In this posting, we are going to limit ourselves to onstat -g rqm SENDQ.



onstat
-g rqm sendq output



There are several sections in the onstat -g rqm sendq command.
 The following table describes these sections.


  1. The Summary
    Section.




    This section contains a summary of the queue.  It is further
    broken into two sections.


    1. The current summary

      This section contains the current statistics about the queue. 

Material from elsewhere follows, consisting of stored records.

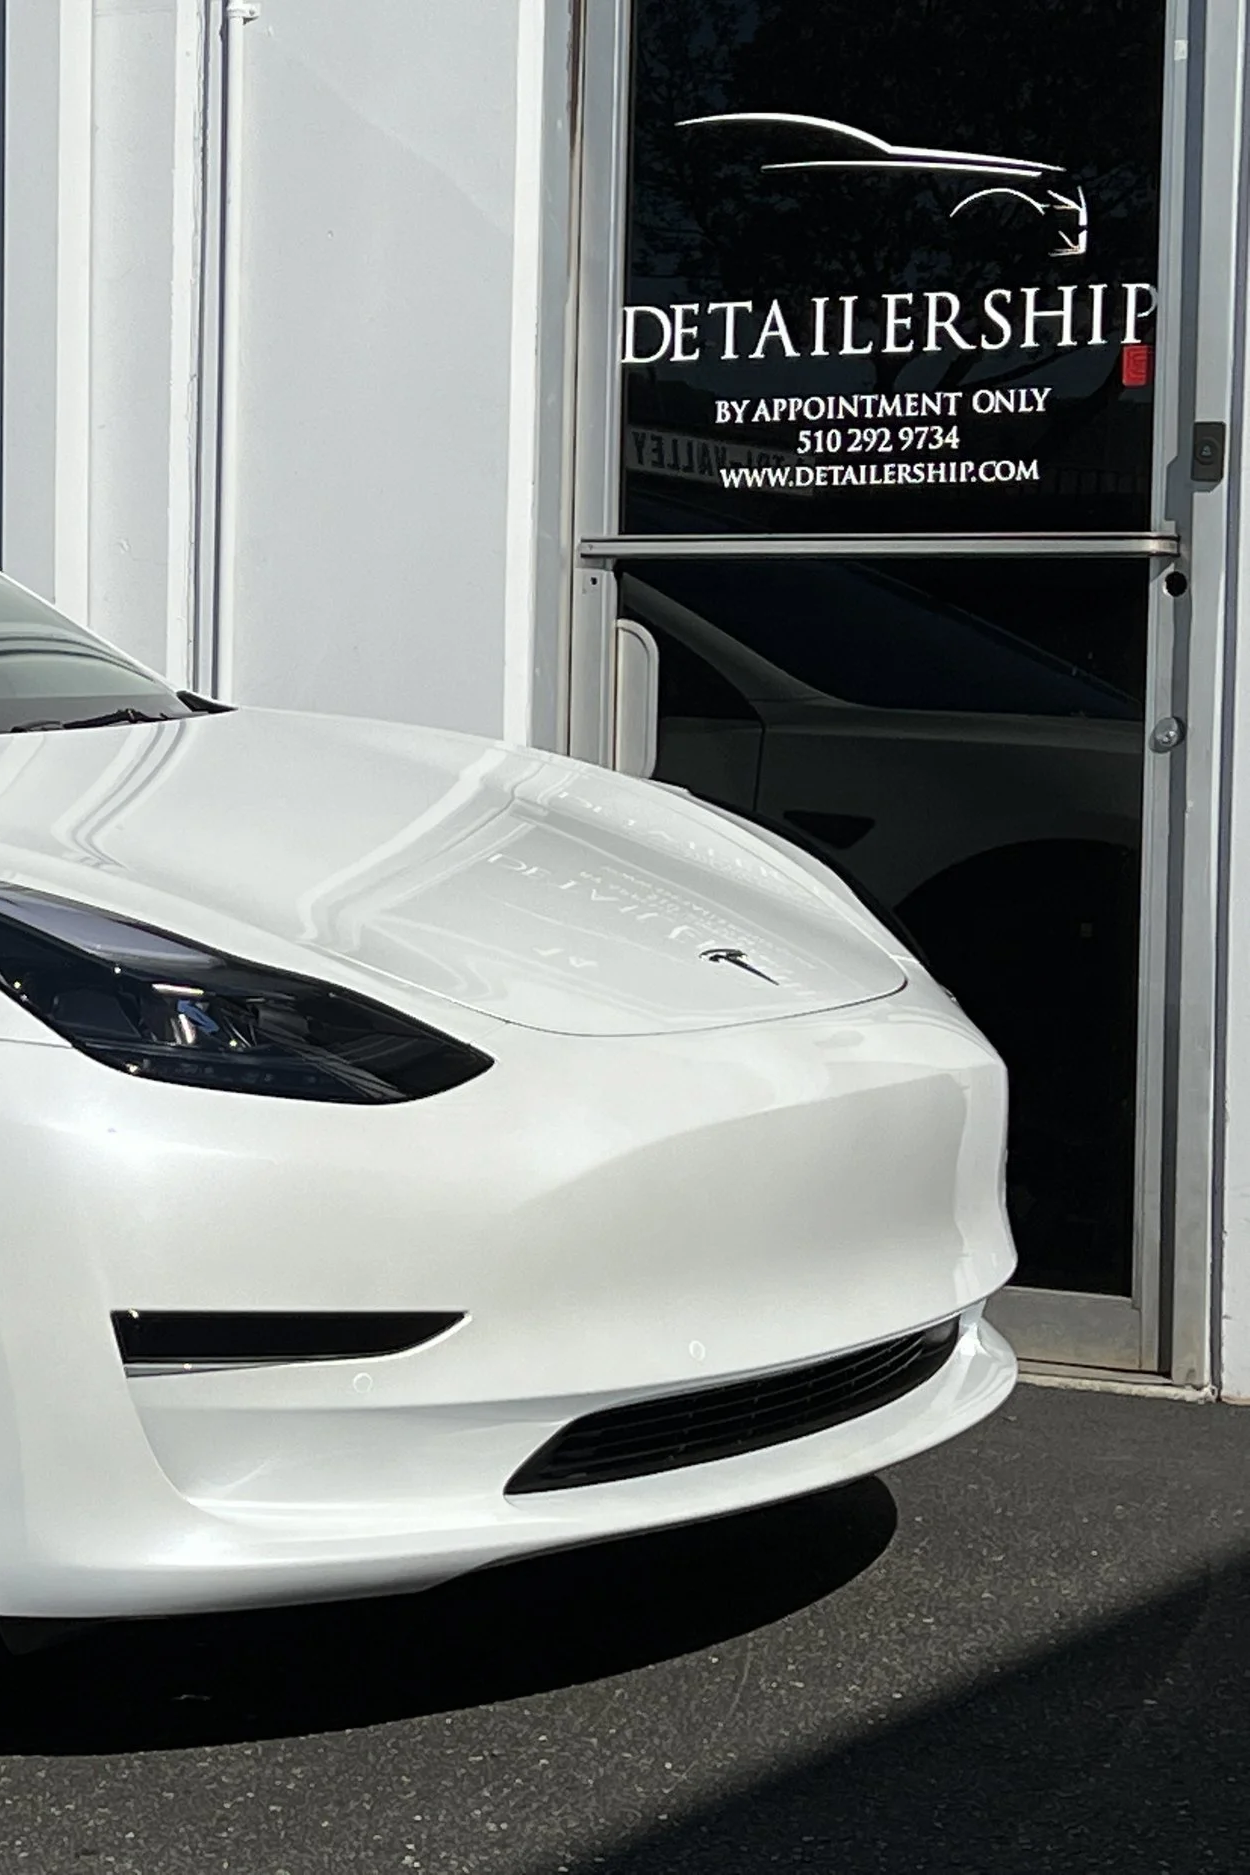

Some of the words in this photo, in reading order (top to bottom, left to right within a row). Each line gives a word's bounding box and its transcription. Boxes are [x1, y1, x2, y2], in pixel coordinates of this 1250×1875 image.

[621, 283, 1157, 364] DETAILERSHIP
[715, 400, 750, 424] BY
[751, 391, 962, 423] APPOINTMENT
[972, 387, 1052, 414] ONLY
[796, 429, 842, 454] 510
[847, 426, 893, 452] 292
[898, 424, 960, 451] 9734
[719, 459, 1040, 489] WWW.DETAILERSHIP.COM
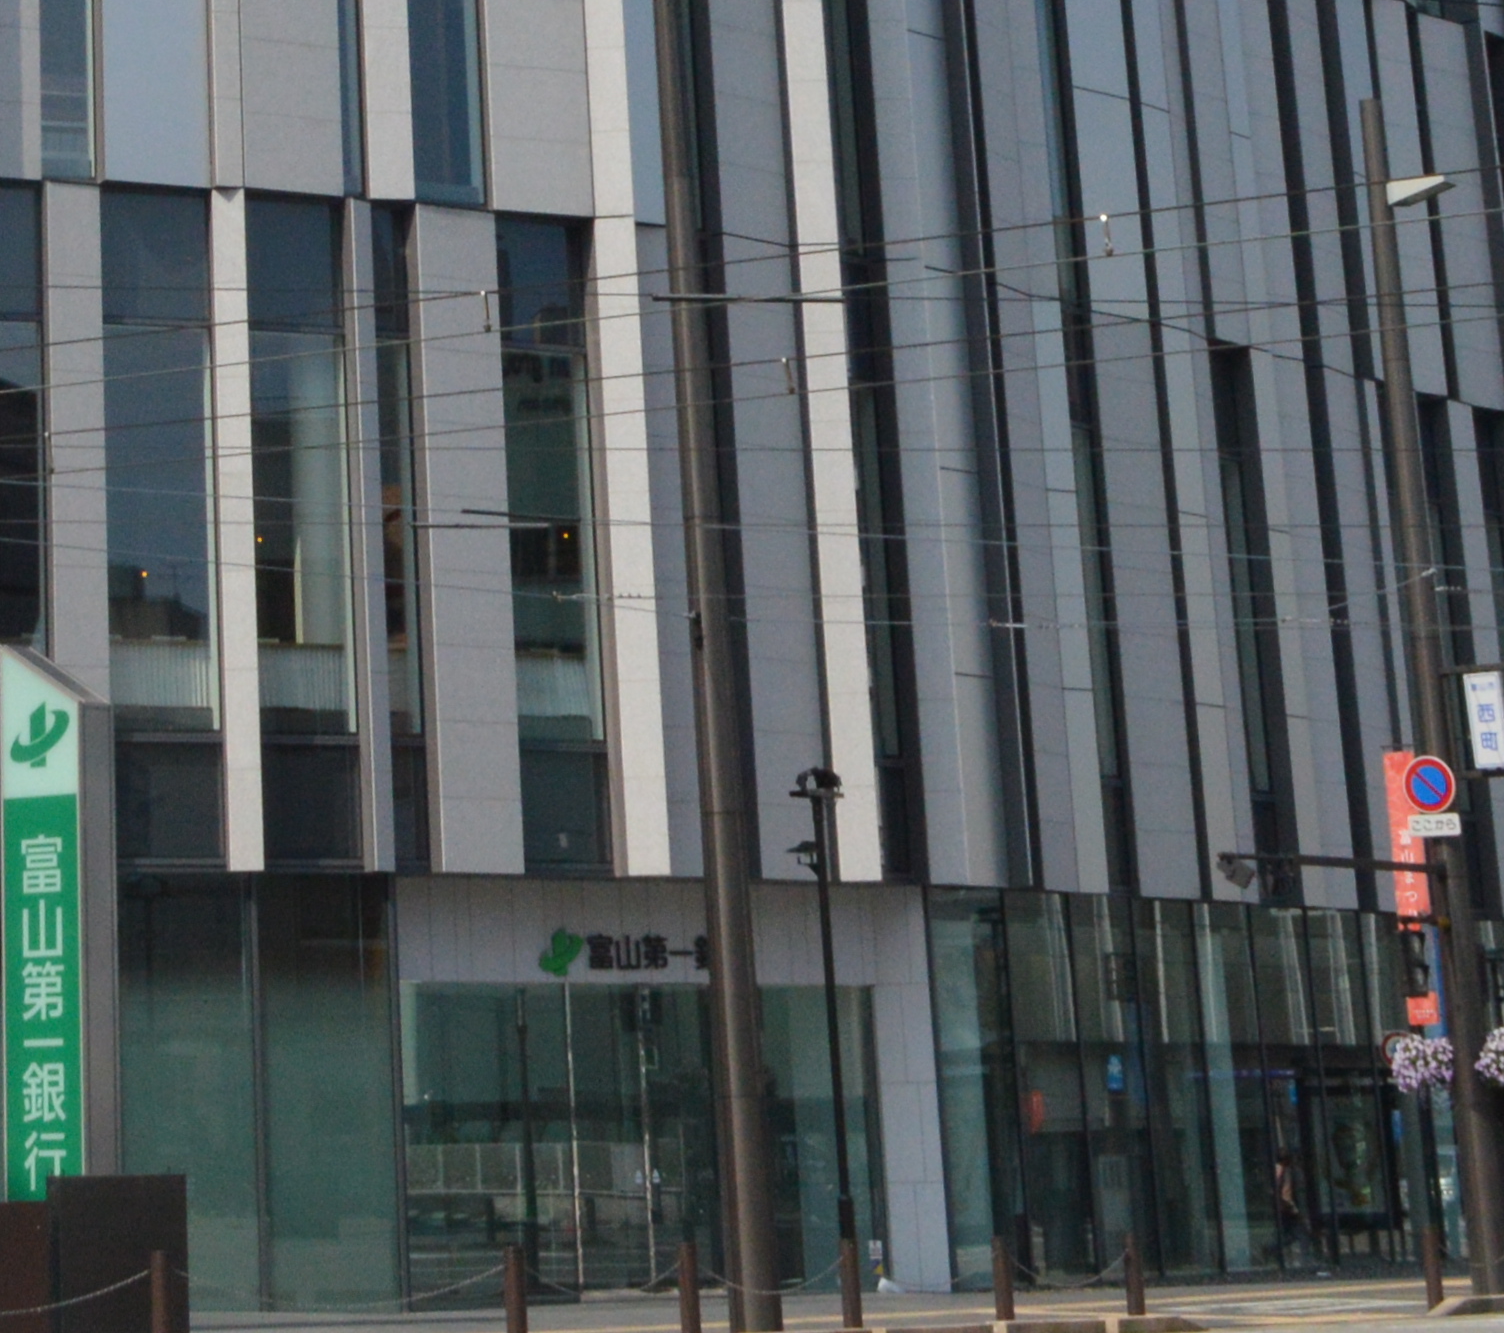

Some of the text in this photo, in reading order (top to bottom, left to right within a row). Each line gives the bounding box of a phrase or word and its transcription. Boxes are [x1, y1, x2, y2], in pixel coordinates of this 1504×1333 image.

[1476, 703, 1499, 751] 西町
[1411, 817, 1458, 834] ここから
[20, 834, 67, 1192] 富山第一銀行
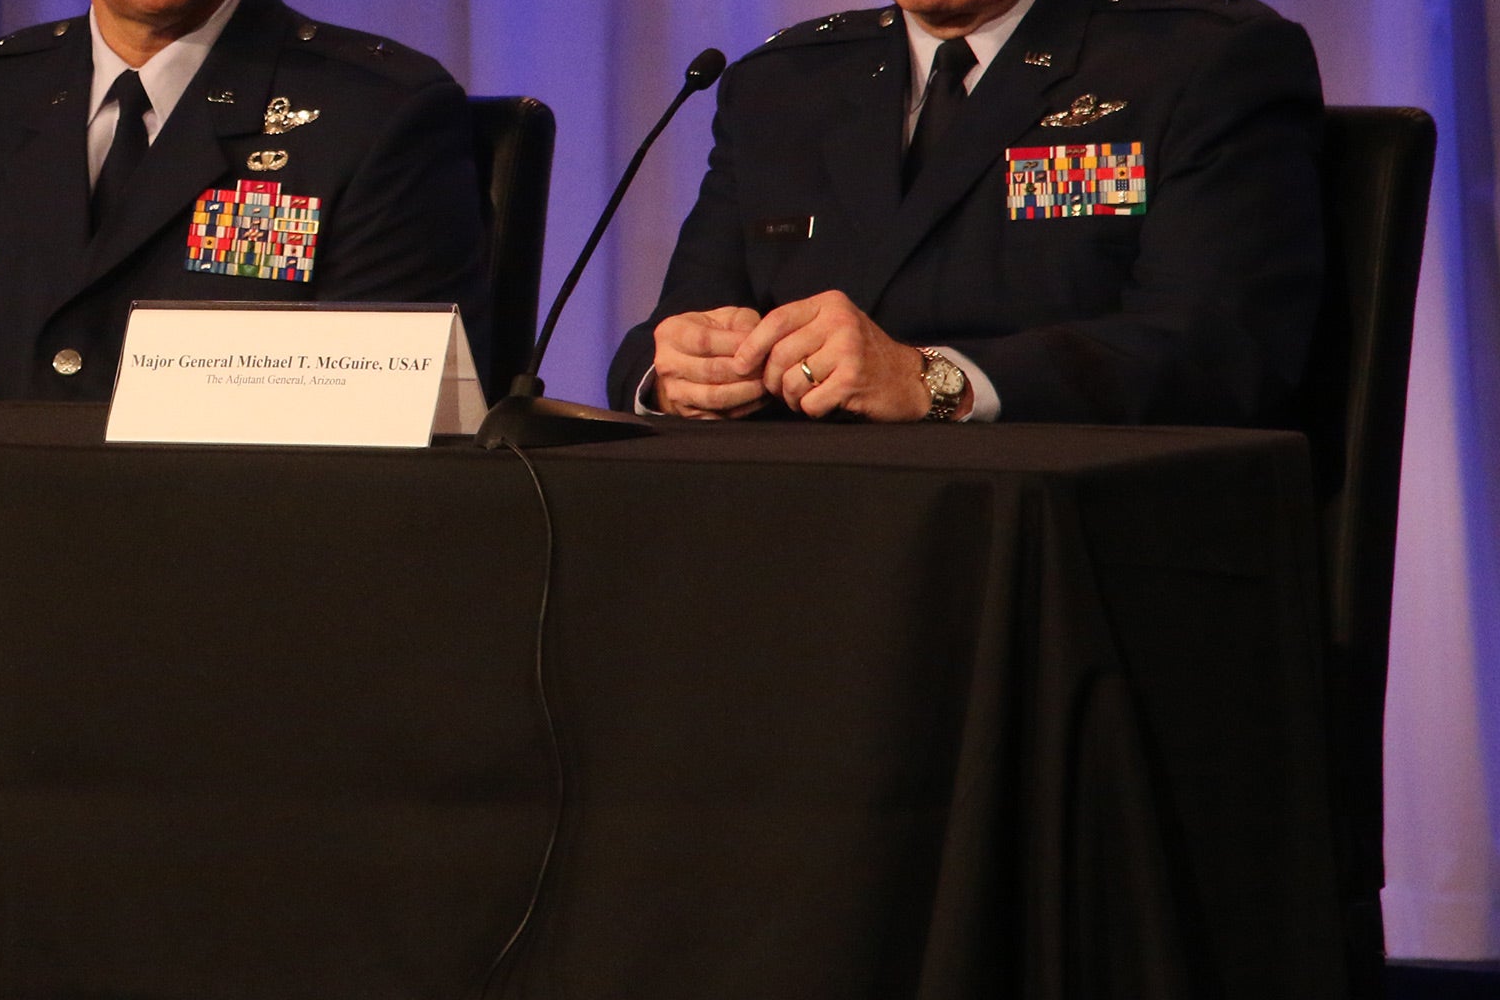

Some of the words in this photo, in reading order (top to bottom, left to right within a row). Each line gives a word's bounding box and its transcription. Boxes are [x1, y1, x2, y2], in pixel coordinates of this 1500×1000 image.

[132, 354, 175, 371] Major
[179, 354, 234, 368] General
[237, 355, 293, 369] Michael
[297, 356, 311, 369] T.
[316, 356, 383, 371] McGuire,
[388, 357, 432, 371] USAF
[206, 375, 224, 384] The
[226, 374, 266, 386] Adjutant
[267, 375, 307, 386] General,
[309, 376, 347, 386] Arizona

    2. The historical summary

      This section contains the historical totals of the queue. It contains
      information such as the total number of transactions which have been
      queued as well as the maximum size that the queue has grown to


  2. The Progress
    Table Section





    This section contains the 'progress' of the queue.  By that we
    mean that this is what is tracking what has been sent to what remote
    server, and what has been ACKed from the remote server.  This
    section is further broken into two sections


    1. The progress table summary

      This contains describes what table on disk is used to contain the
      progress table.  It also describes how often the progress
      table is flushed to disk.


    2. The target/replicate progress information

      This contains information on which transactions have been sent to the
      target nodes and what the target nodes have acknowledged.
       Also this contains the number of bytes per target/replicate
      combination which are currently in the queue.

       
  3. The
    Transaction Section




    This section contains information about the first and last transactions
    which are in memory in the queue.  


  4. The Handle
    Section.




    This section contains a list of each of the handles which has been
    allocated to each of the users of the queue.  The handle can
    be
    thought of as a cursor into the queue.  It is used to track
    the
    position within the queue.

The
Current Statistics Section


The current statistics section is the first
section in the onstat -g
rqm sendq command
.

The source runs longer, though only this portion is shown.